→ **WHAT YOU WILL DO**:
Only the text belongs in the copy: repeat each record exactly, without pictures.

MATERIAL SUPPLIED Start Marker

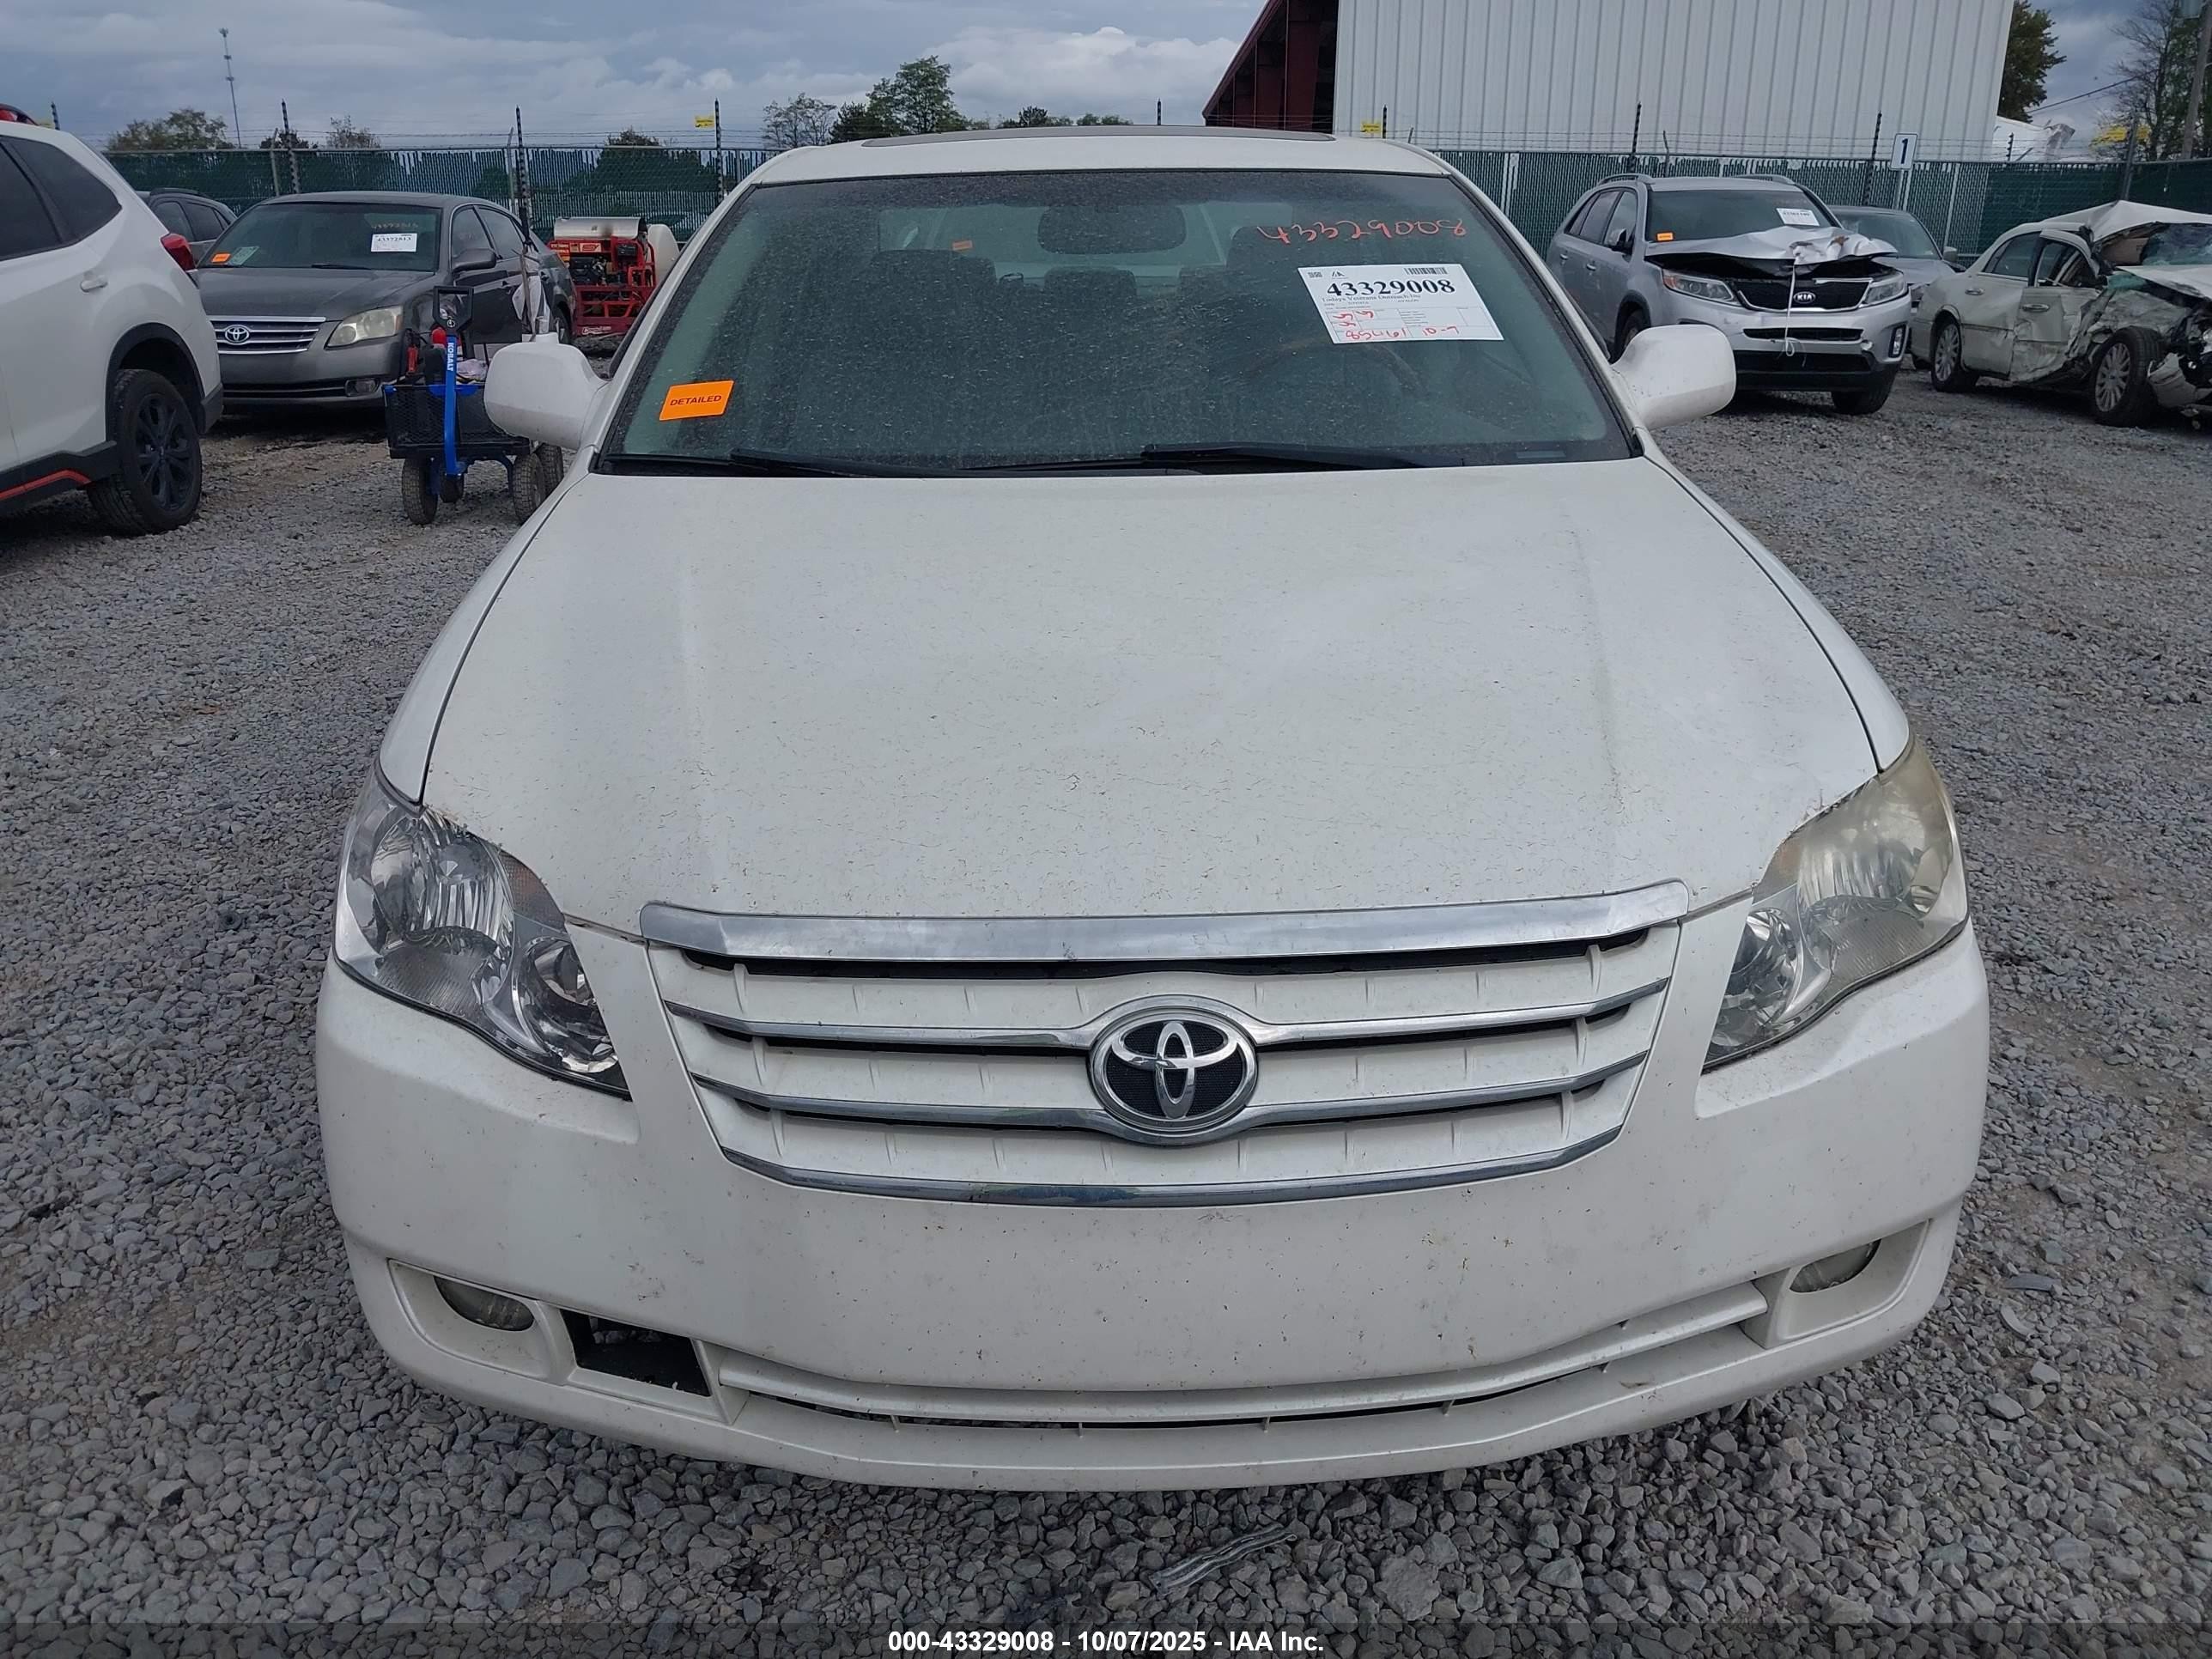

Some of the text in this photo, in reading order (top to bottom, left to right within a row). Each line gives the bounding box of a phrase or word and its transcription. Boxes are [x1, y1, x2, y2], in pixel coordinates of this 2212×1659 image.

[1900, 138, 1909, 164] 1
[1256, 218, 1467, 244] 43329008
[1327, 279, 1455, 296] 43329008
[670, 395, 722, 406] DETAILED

MATERIAL SUPPLIED End Marker

→ **EXPECTED OUTPUT**:
Some of the text in this photo, in reading order (top to bottom, left to right within a row). Each line gives the bounding box of a phrase or word and its transcription. Boxes are [x1, y1, x2, y2], in pixel coordinates of this 2212×1659 image.

[1900, 138, 1909, 164] 1
[1256, 218, 1467, 244] 43329008
[1327, 279, 1455, 296] 43329008
[670, 395, 722, 406] DETAILED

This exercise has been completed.